L'ambiguïté d'une image à sens multiples a souvent été consciemment au coeur du travail de certains artistes. Au XXe siècle, les Surréalistes rédécouvrent les portraits délirants d'Arcimboldo (Milan, 1527 - Milan, 1593), le roi du méli/mélo végétal qui compose comme par magie des visages humains. Mais la plus grande illustration de cette pratique est Dali, auquel l'exposition qui s'est ouvert le 8 avril au Grand Palais, consacre un large espace.

Les premières apparitions massives de ces images à double sens datent de la Renaissance. On en voit dès le XVIe siècle dans les paysages du peintre Mantegna qui imagine des nuages à visage humain. A la même époque le Flamand Henri Bles propose des énigmes sacrées pour montrer que le bon chrétien sait voir au-delà des apparences. Le tableau est censé départager les voyants/croyants des païens/aveugles. Les images doubles peuvent aussi servir des idées politiques interdites. En France, par exemple, on les utilise pendant les périodes troublées, à la Révolution par exemple. Des signes censés échapper aux censeurs.

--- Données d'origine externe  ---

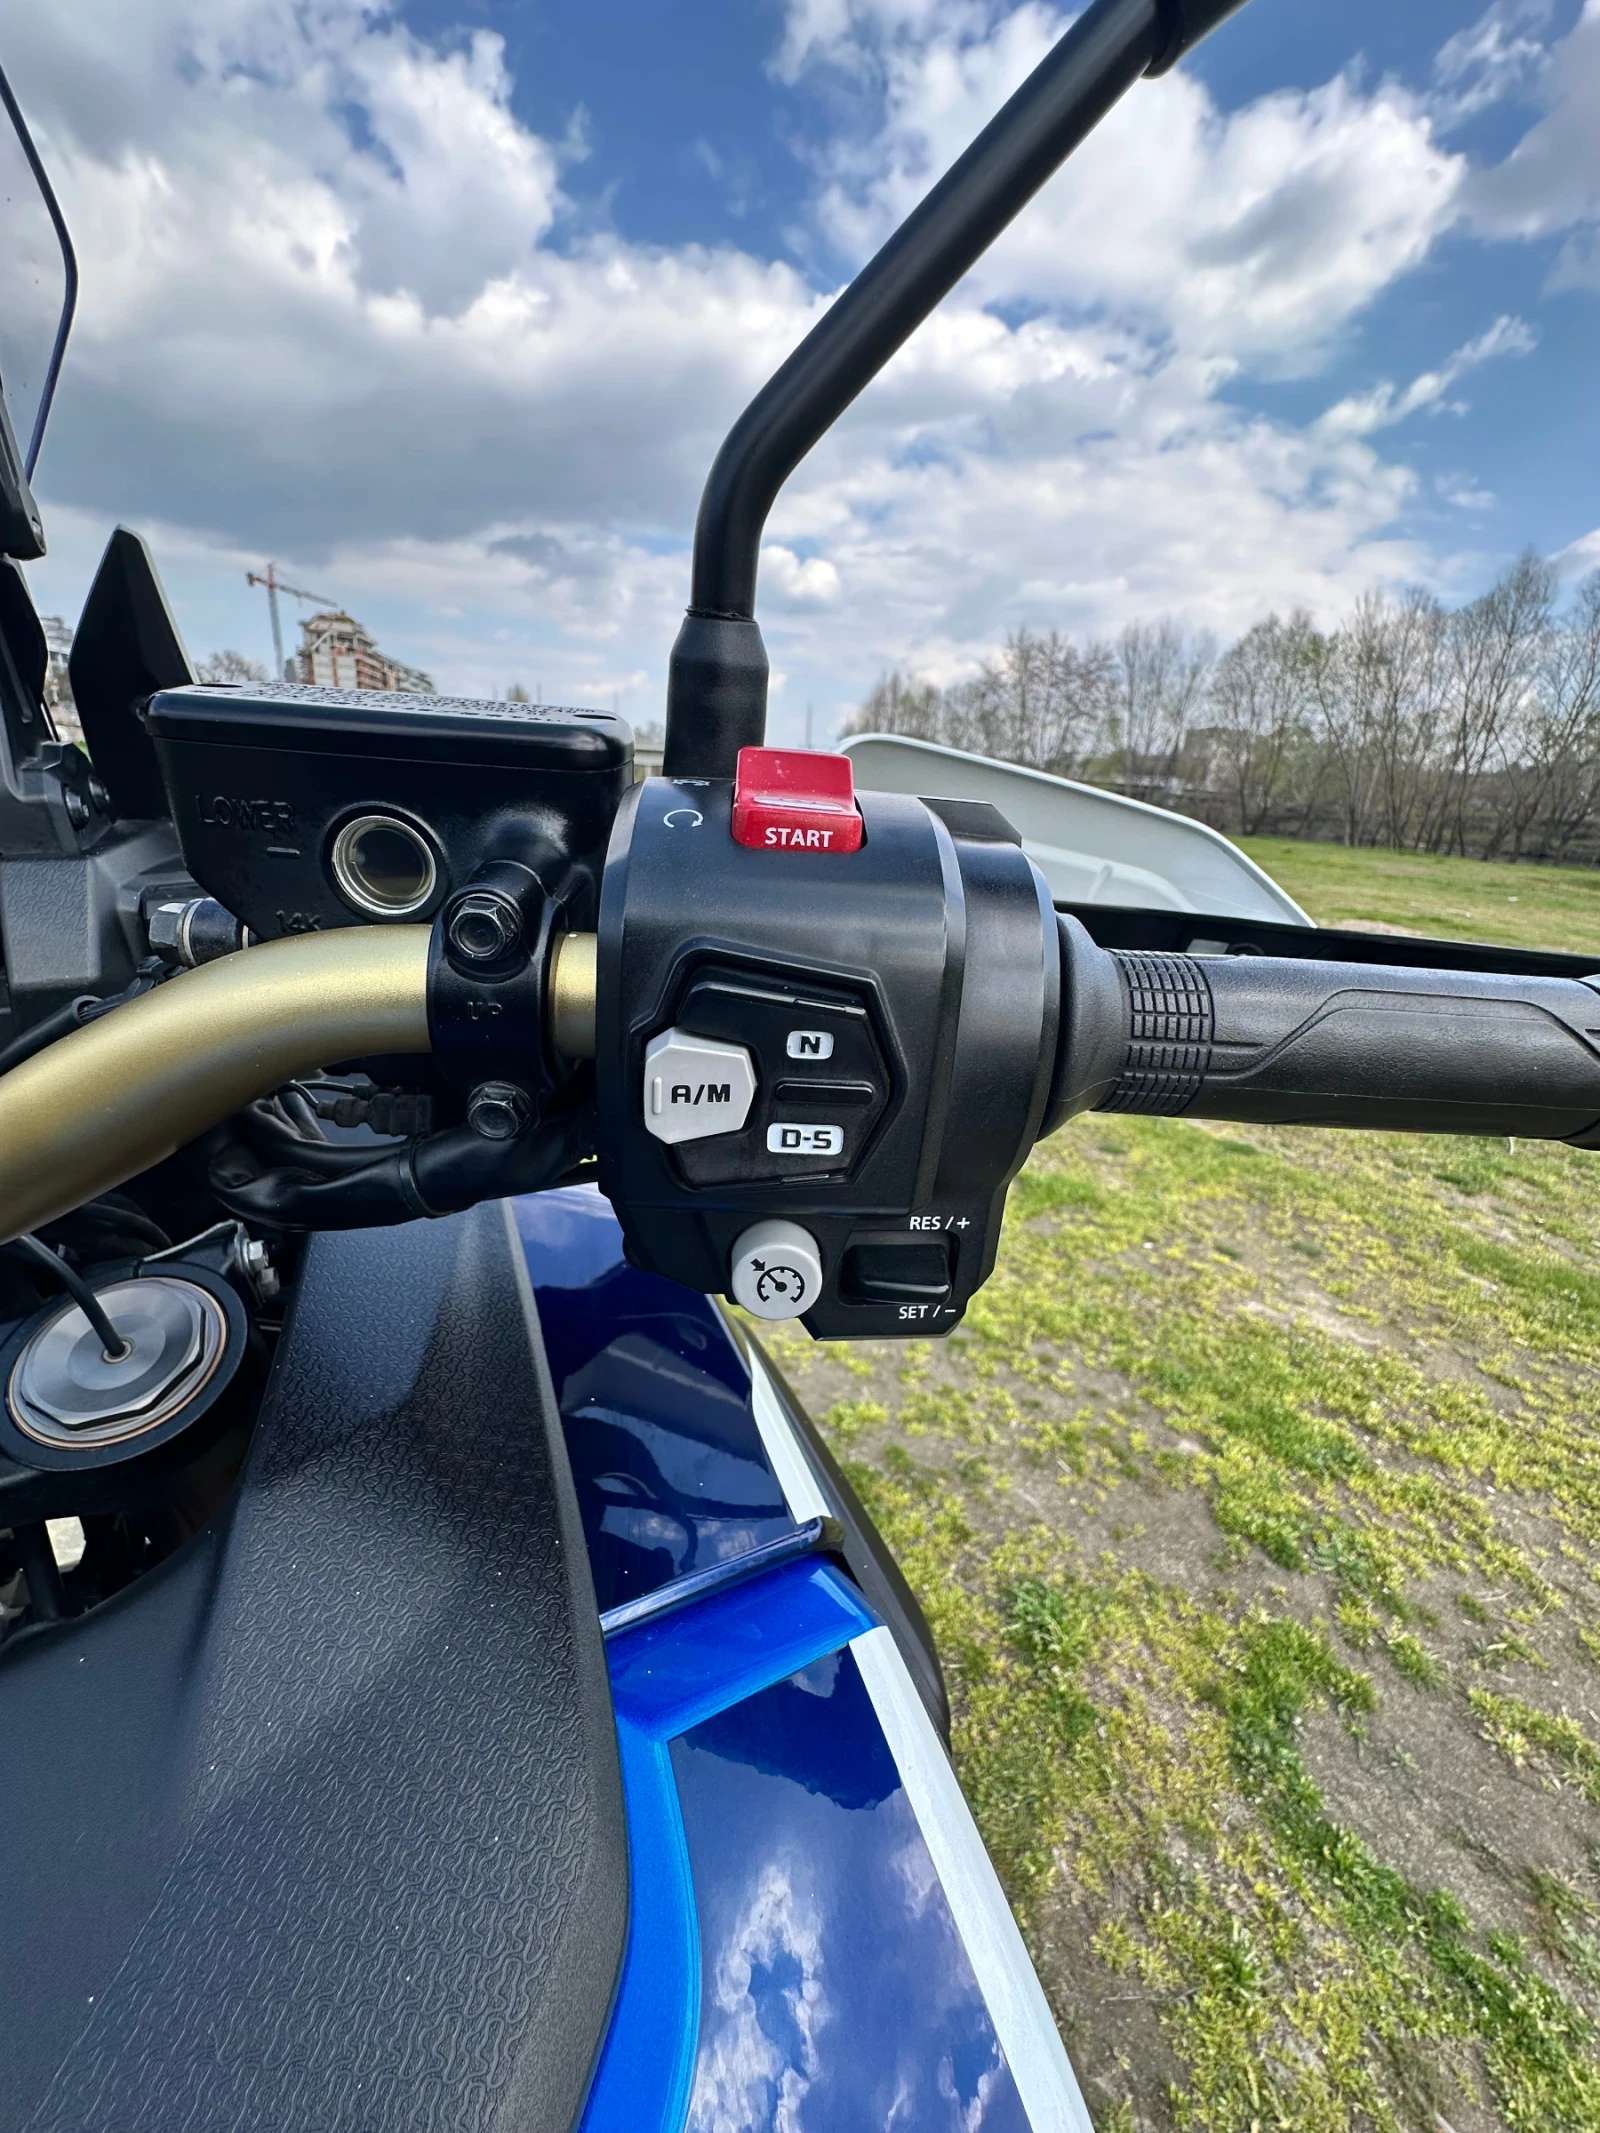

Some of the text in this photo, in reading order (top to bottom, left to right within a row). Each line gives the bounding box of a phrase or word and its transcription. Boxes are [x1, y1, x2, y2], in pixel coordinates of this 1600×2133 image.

[196, 794, 297, 831] LOWER
[764, 827, 834, 848] START
[468, 1000, 504, 1021] UP
[800, 1035, 822, 1054] N
[671, 1083, 731, 1105] A/M
[781, 1128, 832, 1149] D-S
[909, 1216, 941, 1230] RES
[899, 1305, 928, 1319] SET

De Michel-Ange à Raetz en passant par les miniatures persanes ou les cartes postales érotiques du tournant de 1900, l’exposition retrace à travers quelque 250 objets, une autre histoire de l’art, en mettant en évidence des thèmes et motifs récurrents comme le paysage anthropomorphe, l’analogie entre visage et torse, l’ambiguïté sexuelle, l’illusion spatiale ou encore l’interprétation de taches comme dans le test de Rorschach. Elle force le spectateur à percer l'effet visuel et à entamer le dialogue voulu par l'artiste. Une occasion inédite de revisiter de nombreuses oeuvres et d’en découvrir les dessous les plus inattendus.